Dramatherapy for older adults

This video below, produced by the UK company Roundabout, explores the use of dramatherapy for older adults. Many people are in fact often surprised to learn that dramatherapy can be beneficial to adults as well as to children. Dramatherapists work, in a one-to-one setting or with groups, with people across the life spectrum – from infancy right through the last moments of life.  Of course this is done in an age-appropriate way that adapts creative tasks to the needs of the client.

Through the use of stories, movement, rhythm, voice-work, improvisation and dramatic games, and engaging in a reflective process with the therapist, people can be supported to make meaning of their lives, as well as to see things from a different perspective that can be supportive to them to find solutions where they may be feeling stuck.


What is dramatherapy from Roundabout on Vimeo.

Dramatherapy supports adults in older age to express emotions, explore challenges and make meaningful connections through creative expression. Often people in the later stages of life are adapting to life changing circumstances; finding a new way of being in their life, and their identity; adapting to physical changes, and coping with changing degrees of independence. They may be struggling with different forms of loss such as the loss of life partners, loss of independence, and the loss of purpose. They may be looking to make peace and reconcile themselves with aspects of their lives that may be disturbing them. They may be looking to find self-worth in their current moment in life, as well as connecting with the worth of the lives they have lived and are living – to accept who they have been, and to find meaning in who they are still becoming.

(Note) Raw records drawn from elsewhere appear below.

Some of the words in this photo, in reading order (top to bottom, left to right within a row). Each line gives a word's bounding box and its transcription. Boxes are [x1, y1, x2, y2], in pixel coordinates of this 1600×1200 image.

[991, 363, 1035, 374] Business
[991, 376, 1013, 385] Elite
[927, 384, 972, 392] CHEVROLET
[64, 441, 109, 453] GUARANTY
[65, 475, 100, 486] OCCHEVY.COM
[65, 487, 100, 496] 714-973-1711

A lot of work engaging older adults is done supporting them to look back on their lives; dramatherapy focuses on the present moment and supports people to connect with who they are now. Dramatherapy works also through non-verbal media and therefore can betherapeutically supportive to people who are not able to engage in verbal or reflective processes.

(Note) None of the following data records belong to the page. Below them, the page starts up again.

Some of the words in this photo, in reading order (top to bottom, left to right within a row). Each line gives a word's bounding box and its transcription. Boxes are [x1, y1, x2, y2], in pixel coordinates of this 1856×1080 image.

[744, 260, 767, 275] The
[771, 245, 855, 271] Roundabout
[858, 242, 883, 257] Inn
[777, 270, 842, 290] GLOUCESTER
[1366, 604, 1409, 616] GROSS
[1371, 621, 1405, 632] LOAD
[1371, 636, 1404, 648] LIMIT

Dramatherapy offers a meaningful, positive and creative space to meet and explore these themes through the relationship with the therapist and, in group therapy, with other group members.

In a group setting, people can find support from listening to and sharing with other people who may share a similar story, and to form new and enriching connections. In a one-to-one setting, a person may be further supported to explore themes at a deeper level through feeling safe within the confidential and empathic context of the relationship with the therapist.